But most of these predictions come from people who work in companies with a commercial interest in AI. It was remarkable that none of the researchers with whom we spoke for this article were willing to offer a definition of AGI. However, they were willing to point out how the current systems fail.
“I think Agi would be something that would be more robust, more stable – not necessarily smarter in general but more coherent in his capacities,” said Ariel Goldstein, a researcher at the Hebrew University of Jerusalem. “You would expect that a system that X and Y can do to do Z and T. Somehow these systems seem to be more fragmented in a certain way. Without being surprisingly good at one thing and then surprisingly bad in another thing that seems related.”
“I think that is a great distinction, this idea of generalizability,” neuroscientist Christa Baker repeated NC State University. “You can learn how to analyze logic in one atmosphere, but if you get a new circumstance, it's not as if you are an idiot now.”
Mariano Schain, a Google Engineer who has collaborated with Goldstein, focused on the possibilities that underlie this generalization. He mentioned both long-term and task-specific memory and the ability to use skills that have been developed in one task in different contexts. These are limited to non-not-dollar in existing AI systems.

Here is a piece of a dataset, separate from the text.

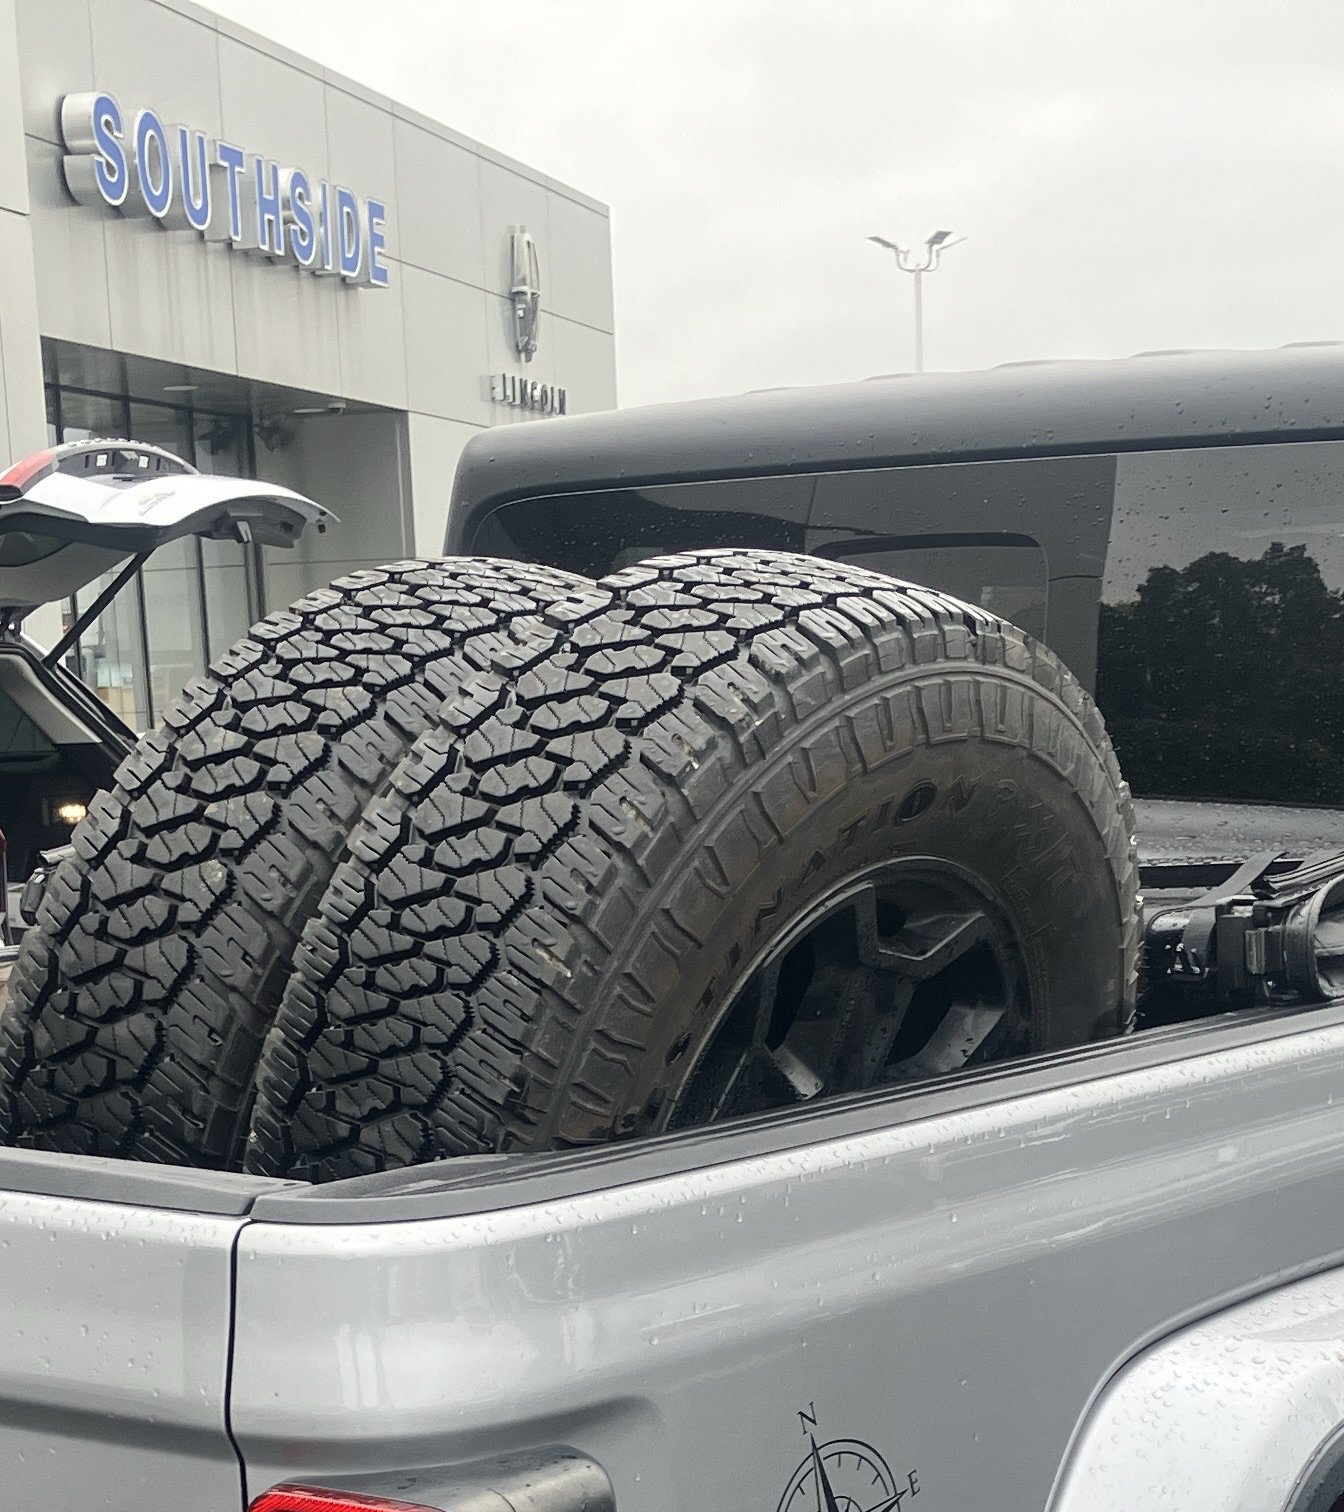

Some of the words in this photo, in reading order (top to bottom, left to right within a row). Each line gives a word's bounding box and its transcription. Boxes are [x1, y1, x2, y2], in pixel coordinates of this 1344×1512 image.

[88, 91, 390, 288] SOUTHSIDE
[796, 1401, 818, 1436] N
[906, 1469, 921, 1498] E

In addition to those specific limits, Baker noted that “there has long been this very human -focused idea of intelligence that only people are intelligent.” That has disappeared within the scientific community, because we have studied more about animal behavior. But there is still a bias to privilege human -like behavior, such as the human reactions generated by large language models
The fruit flies that Baker studies can integrate can integrate multiple types of sensory information, arrange four pairs of limbs, navigate complex environments, meet their own energy needs, produce new generations of brains and more. And they all do that with brains that contain fewer than 150,000 neurons, much less than current large language models.